19. The apparatus as claimed in claim 18, wherein the means for spatial processing the at least one playback signal based on the at least one parameter comprises means for modifying the audio field of the at least one playback signal to move based on the motion of the at least one region.

20. The apparatus as claimed in any of claims 12 to 19, comprising:

means for displaying at least one image of the at least two images;

and means for synchronising and outputting the processed at least one signal.

21 . The apparatus as claimed in any of claims 12 to 20, wherein the at least one playback signal comprises at least one of:

at least one audio signal; and

at least one tactile signal.

22. The apparatus as claimed in any of claims 12 to 21 , wherein the means for processing the at least one playback signal based on the at least one parameter comprises at least one of:

means for determining within the playback signal at least one audio object; means for spatially processing the at least one audio object based on the at least one parameter such that the at least one audio object follows the motion of the at least one region.
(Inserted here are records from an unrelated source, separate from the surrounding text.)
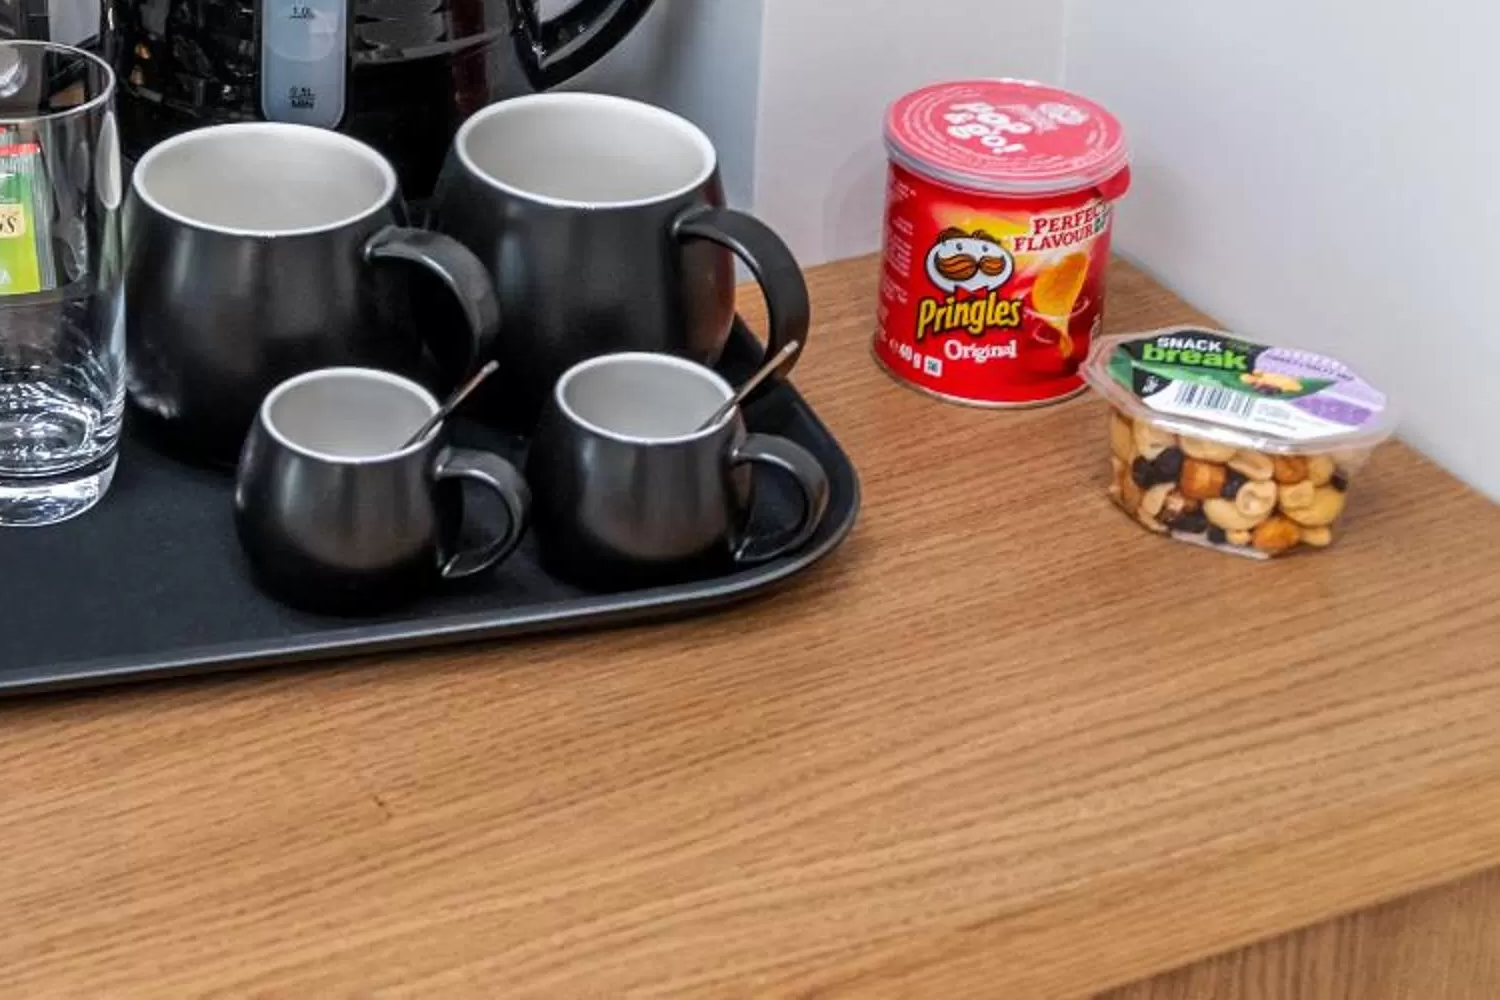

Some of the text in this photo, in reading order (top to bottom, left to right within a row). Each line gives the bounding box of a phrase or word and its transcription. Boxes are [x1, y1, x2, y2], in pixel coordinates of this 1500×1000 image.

[1012, 223, 1094, 253] FLAVOUR
[916, 291, 1022, 340] Pringles
[944, 339, 1018, 364] Original
[1142, 343, 1248, 370] break
[1156, 337, 1223, 352] SNACK
23 An apparatus comprising at least one processor and at least one memory including computer code for one or more programs, the at least one memory and the computer code configured to with the at least one processor cause the apparatus to at least to:

analyse at least two images to determine at least one region common to the at least two images;

determine at least one parameter associated with a motion of at least one region; determine at least one playback signal to be associated with the at least one region; and

process the at least one playback signal based on the at least one parameter. 24. An apparatus comprising:

an analyser configured to analyse at least two images to determine at least one region common to the at least two images;

a motion determiner configured to determine at least one parameter associated with a motion of at least one region;

a playback determiner configured to determine at least one playback signal to be associated with the at least one region; and

a processor configured to process the at least one playback signal based on the at least one parameter.